EPIC-Norfolk recruited men and women, aged 39–79 y (N = 25,639) between 1993–1998. Anthropometry was measured. Participants completed three questionnaires (Q1: 1993–1998; Q2: 2002–2004; Q3: 2004–2011) that assessed supplement use in the past week. Participants were grouped (for each Q) into three mutually exclusive groups: non-supplement users (NSU), supplement users with n-3 PUFA supplements [or combined with any other] (SU + n3) and supplement users without n-3 PUFA (SU-n3). Questionnaires also ascertained following characteristics: social class, education, smoking, physical activity, marital status, alcohol consumption and prevalent diseases. Multivariable Cox proportional hazards regression was used to ascertain associations between supplement use and CHD mortality (ICD 410–414/I20–25, follow-up until March 2015), from three different time origins defined by completion of the three questionnaires: Q1 (1562 CHD over median of 19 years, N = 22,035), Q2 (742 CHD over 12 years, N = 15,932) and Q3 (241 over 6 years, N = 10,119) adjusted for participants’ characteristics assessed at respective time points. Lastly, a single Cox regression analysis was fitted using a time-varying supplement use variable.
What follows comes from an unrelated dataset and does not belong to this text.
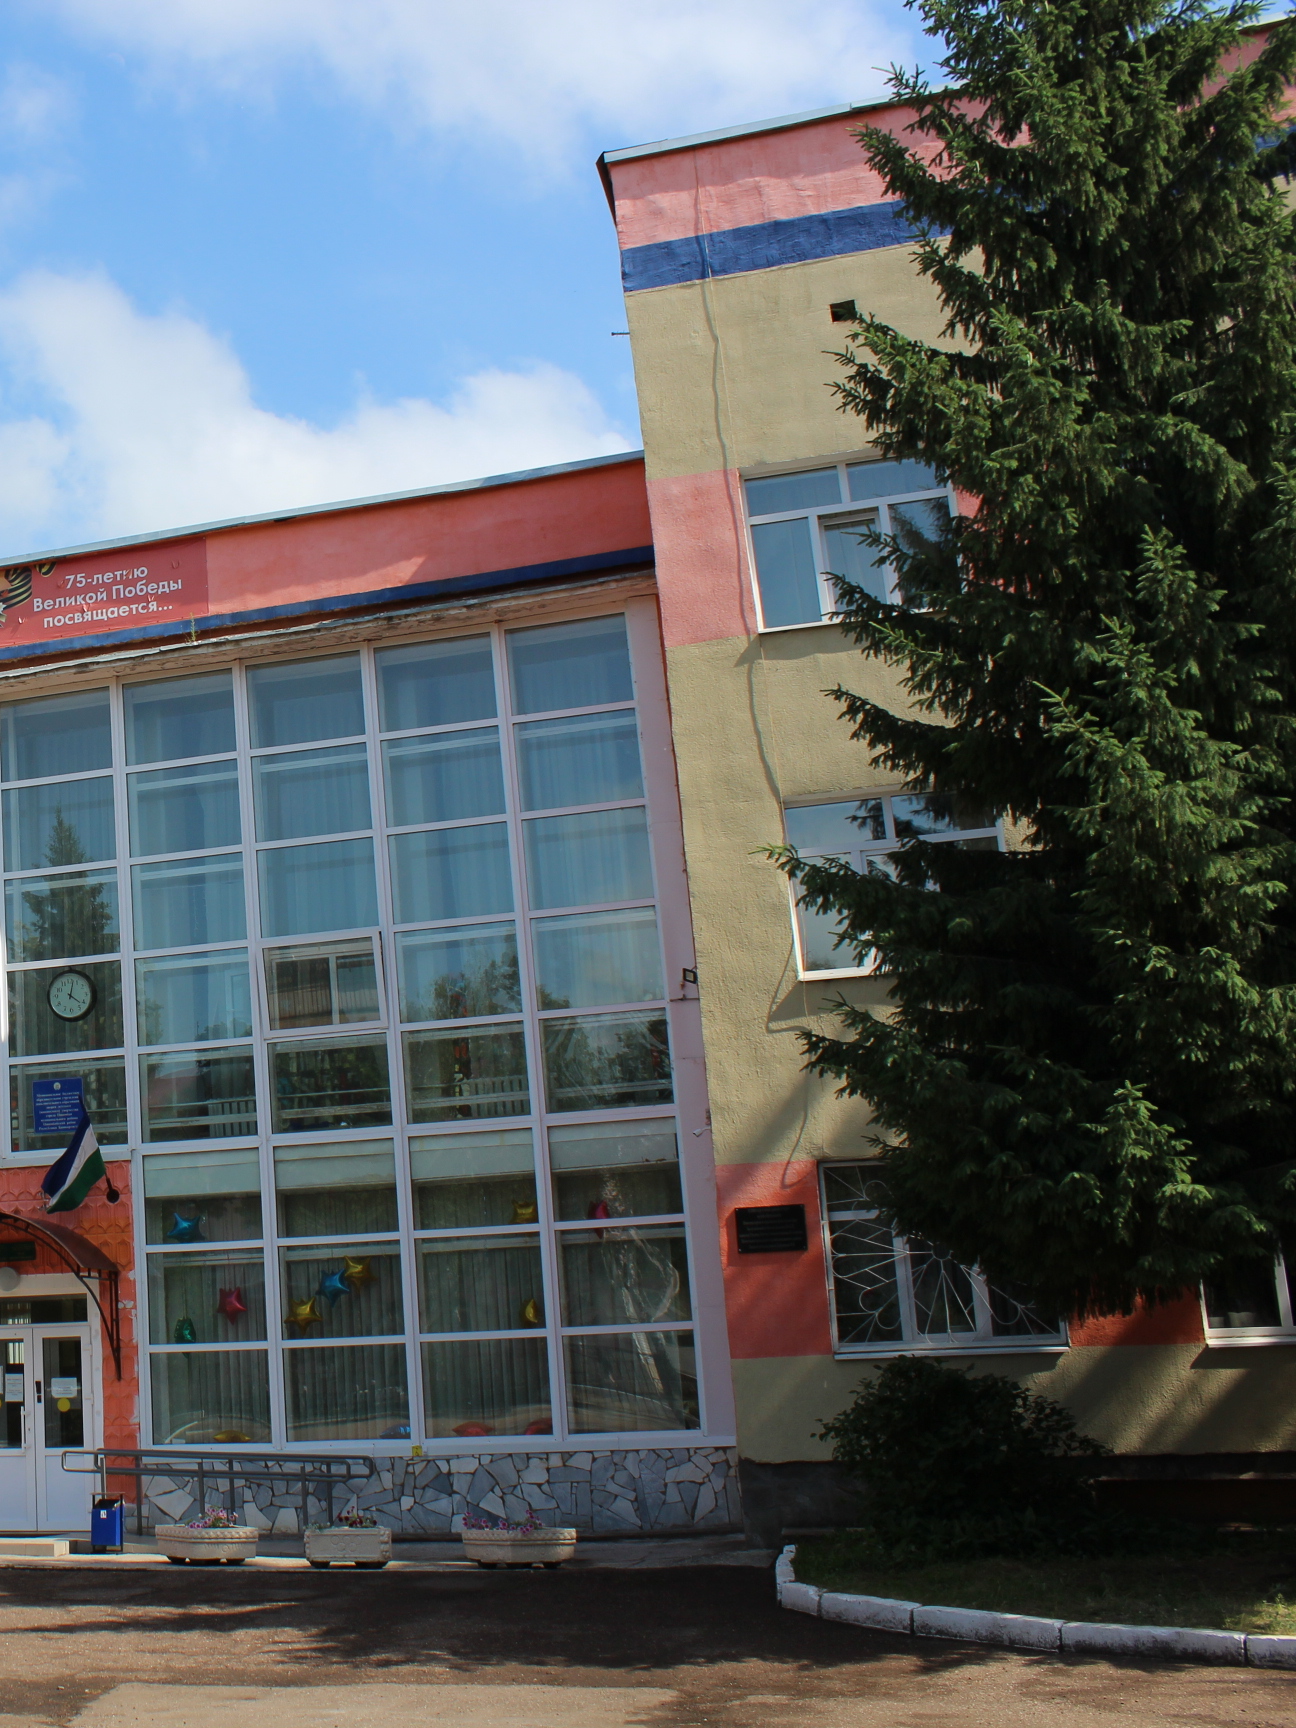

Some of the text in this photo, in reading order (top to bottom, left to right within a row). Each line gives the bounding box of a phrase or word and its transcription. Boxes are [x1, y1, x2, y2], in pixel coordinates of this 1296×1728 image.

[65, 566, 149, 589] 75-летию
[33, 578, 183, 612] Великой Победы
[43, 601, 173, 628] посвящается...
With increasing age, the percentage of SU + n3 increased over time (Q1: 25 %, Q2: 33 %, Q3: 36 %), with 16 % (Q1 to Q2) and 23 % (Q2 to Q3) being consistent SU + n3. Characteristics of the SU + n3 group remained similar at all three time points. Being in the SU + n3 group was significantly associated with a lower risk of CHD mortality using Q2 (HR 0·81, 95 %CI: 0·69–0·97) and Q3 (HR 0·71 95 %CI: 0·52–0·96), but not using Q1. Associations were stronger when follow-up time was restricted to the first 2–4 years after Q completion, which is consistent with there being unobserved changes in supplement use over longer periods. In time-varying regression, current use of n-3 PUFA containing supplements was associated with a lower risk of CHD mortality (HR 0·74 95 %CI: 0·65–0·83).
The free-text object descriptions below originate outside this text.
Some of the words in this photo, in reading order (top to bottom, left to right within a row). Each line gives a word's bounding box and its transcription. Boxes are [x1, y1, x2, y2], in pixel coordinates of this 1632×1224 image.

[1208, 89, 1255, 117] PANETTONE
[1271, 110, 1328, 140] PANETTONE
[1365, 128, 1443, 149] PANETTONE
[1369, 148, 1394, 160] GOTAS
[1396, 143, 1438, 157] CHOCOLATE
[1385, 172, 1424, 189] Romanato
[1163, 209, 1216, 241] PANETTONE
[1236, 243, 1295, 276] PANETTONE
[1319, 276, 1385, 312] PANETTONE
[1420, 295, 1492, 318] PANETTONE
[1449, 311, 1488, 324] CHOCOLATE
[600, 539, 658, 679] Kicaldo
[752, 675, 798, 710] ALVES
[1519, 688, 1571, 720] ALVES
Supplement use was a variable behaviour, with current use of n-3 PUFA supplements being significantly associated with lower CHD mortality. The attenuation over time might reflect the infrequent assessments, the short-term effect of n-3 PUFA(Reference Mozaffarian and Wu4), and hence the potential of interactions between supplement use and follow-up time. Frequent assessments of supplement use are recommended to ascertain associations with disease endpoints.